### TRY IT
What the response needs is every record, repeated verbatim, and no images.
(Beginning of RECORDS FOR THIS TASK)
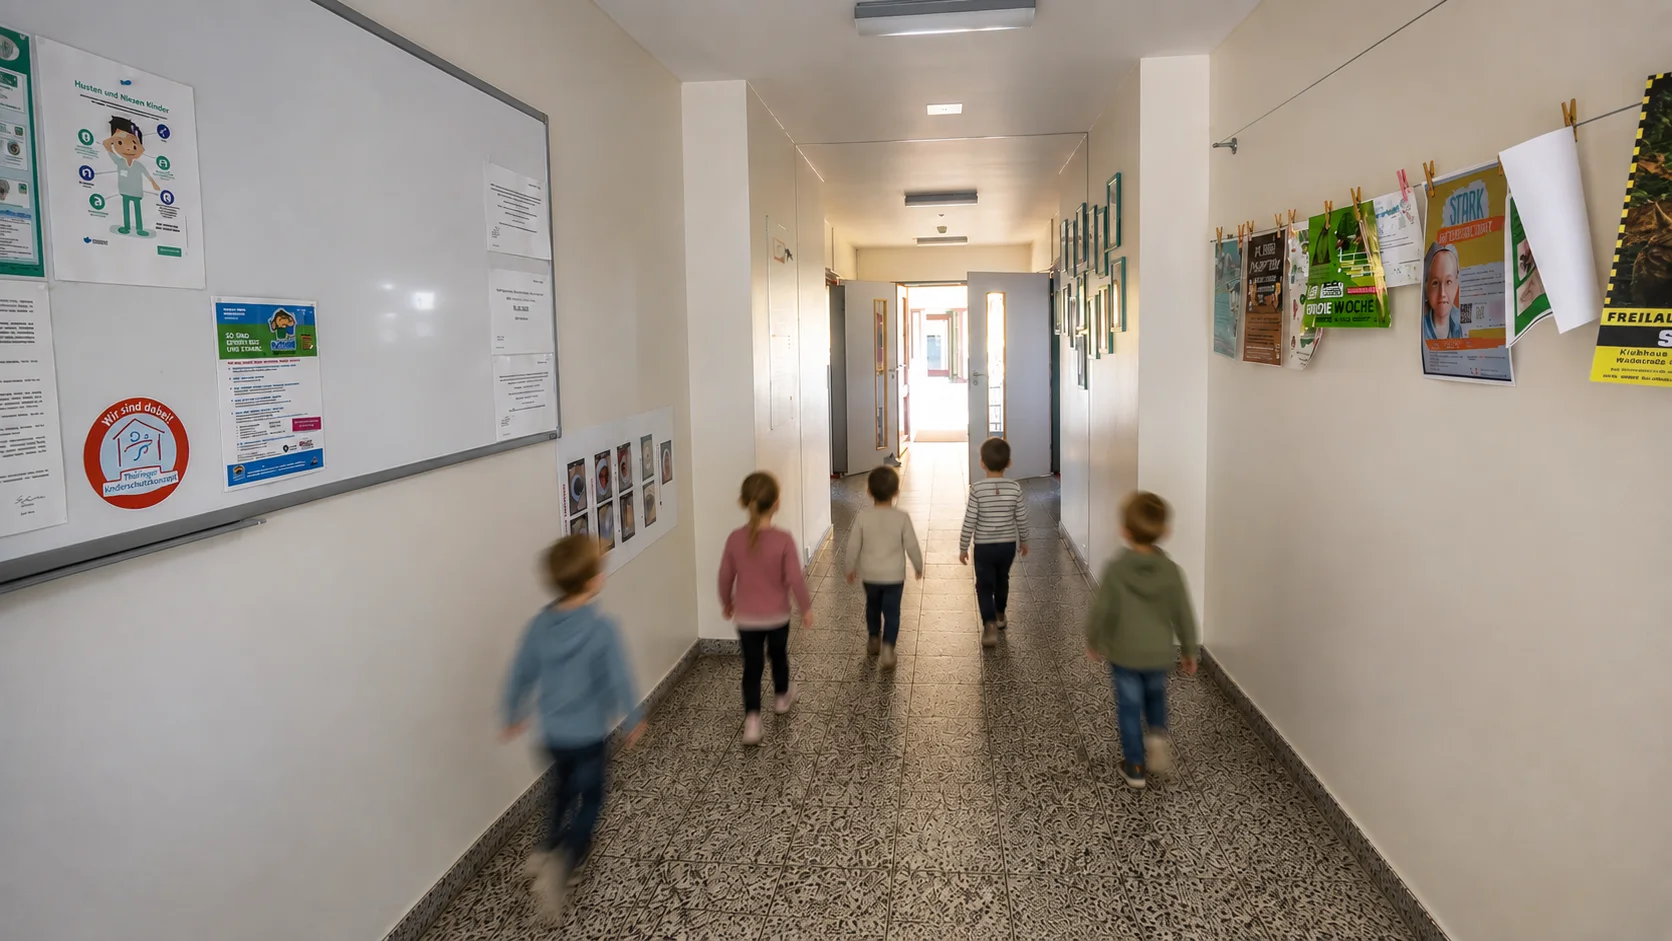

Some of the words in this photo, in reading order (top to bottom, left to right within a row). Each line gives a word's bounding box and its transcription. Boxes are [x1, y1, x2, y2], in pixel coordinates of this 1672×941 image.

[75, 80, 102, 94] Husten
[105, 90, 118, 99] und
[146, 101, 169, 114] Kinder
[1450, 187, 1484, 226] STARK
[1334, 299, 1375, 314] WOCHE
[101, 410, 119, 427] Wir
[120, 401, 142, 415] sind
[144, 402, 174, 425] dabei!
(End of RECORDS FOR THIS TASK)
### ANSWER TO THE PROBLEM
Some of the words in this photo, in reading order (top to bottom, left to right within a row). Each line gives a word's bounding box and its transcription. Boxes are [x1, y1, x2, y2], in pixel coordinates of this 1672×941 image.

[75, 80, 102, 94] Husten
[105, 90, 118, 99] und
[146, 101, 169, 114] Kinder
[1450, 187, 1484, 226] STARK
[1334, 299, 1375, 314] WOCHE
[101, 410, 119, 427] Wir
[120, 401, 142, 415] sind
[144, 402, 174, 425] dabei!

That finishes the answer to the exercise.